**Problem to solve:** Leave out the pictures and give back all the entries exactly as written.
==========
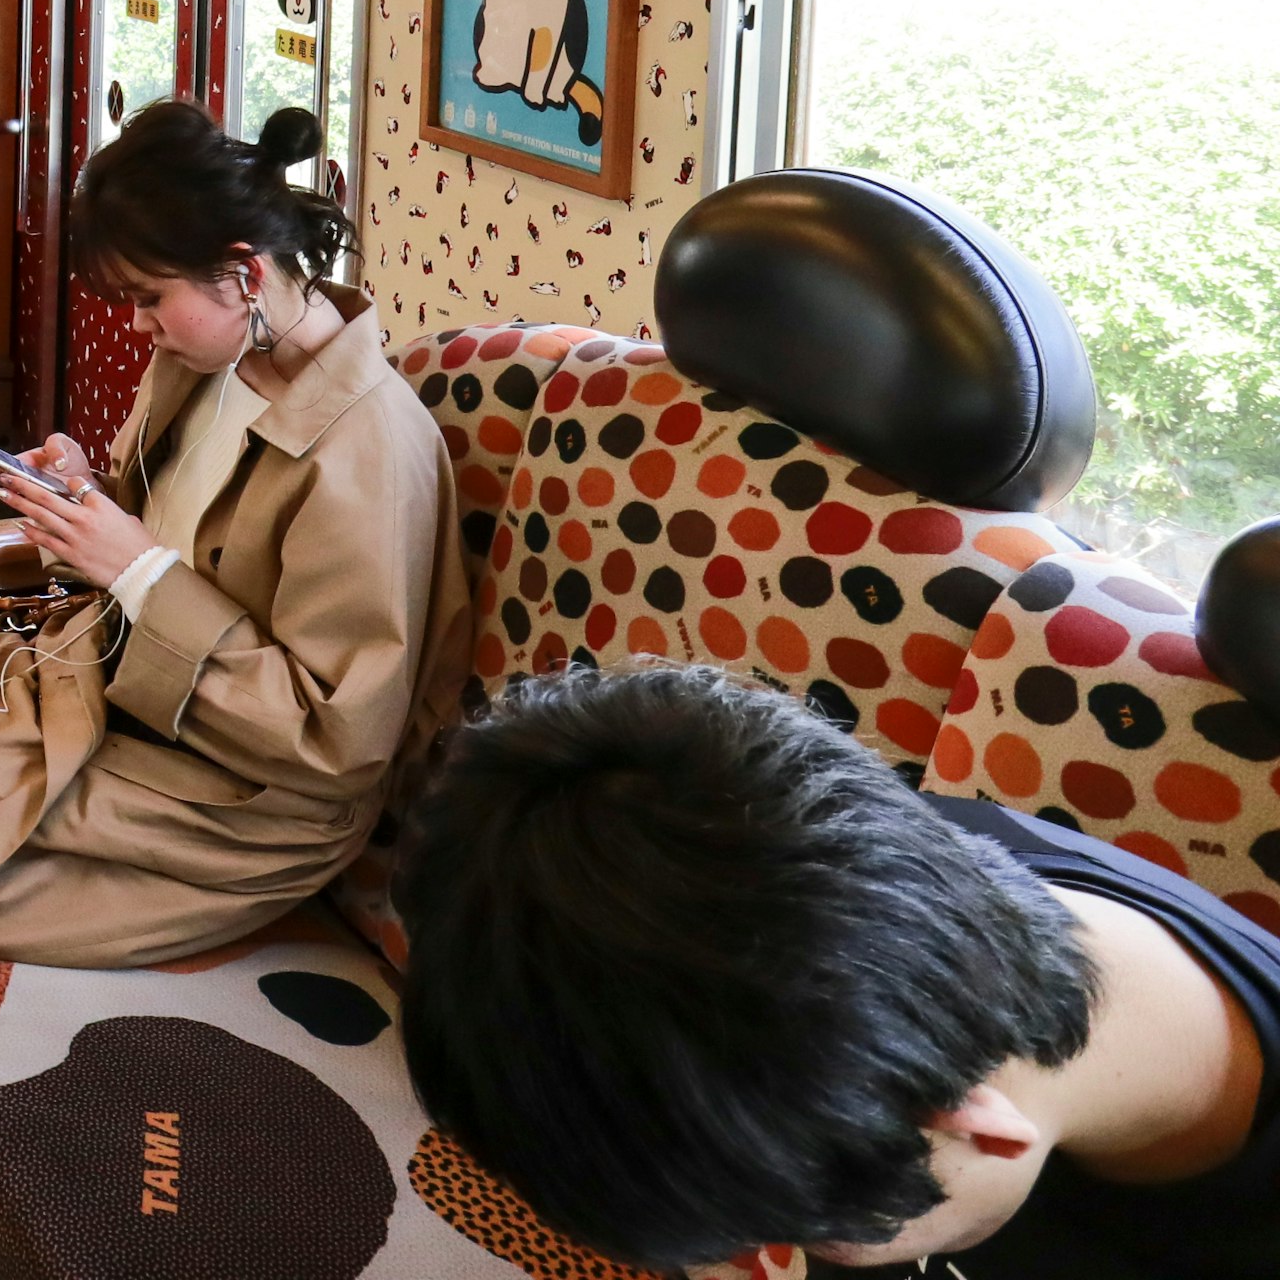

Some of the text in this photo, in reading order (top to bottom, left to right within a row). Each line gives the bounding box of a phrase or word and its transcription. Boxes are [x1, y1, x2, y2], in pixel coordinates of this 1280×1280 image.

[128, 0, 157, 18] たま電車
[502, 130, 523, 143] SUPER
[523, 135, 552, 152] STATION
[552, 143, 581, 160] MASTER
[644, 197, 664, 209] TAMA
[436, 308, 450, 317] TAMA
[691, 424, 729, 455] TAMA
[746, 483, 763, 498] TA
[591, 519, 608, 529] MA
[758, 576, 772, 603] MA
[863, 585, 878, 607] TA
[989, 688, 1005, 718] MA
[1118, 704, 1137, 730] TA
[1188, 838, 1227, 858] MA
[140, 1111, 181, 1216] TAMA
==========
**Solution for this task:**
Some of the text in this photo, in reading order (top to bottom, left to right within a row). Each line gives the bounding box of a phrase or word and its transcription. Boxes are [x1, y1, x2, y2], in pixel coordinates of this 1280×1280 image.

[128, 0, 157, 18] たま電車
[502, 130, 523, 143] SUPER
[523, 135, 552, 152] STATION
[552, 143, 581, 160] MASTER
[644, 197, 664, 209] TAMA
[436, 308, 450, 317] TAMA
[691, 424, 729, 455] TAMA
[746, 483, 763, 498] TA
[591, 519, 608, 529] MA
[758, 576, 772, 603] MA
[863, 585, 878, 607] TA
[989, 688, 1005, 718] MA
[1118, 704, 1137, 730] TA
[1188, 838, 1227, 858] MA
[140, 1111, 181, 1216] TAMA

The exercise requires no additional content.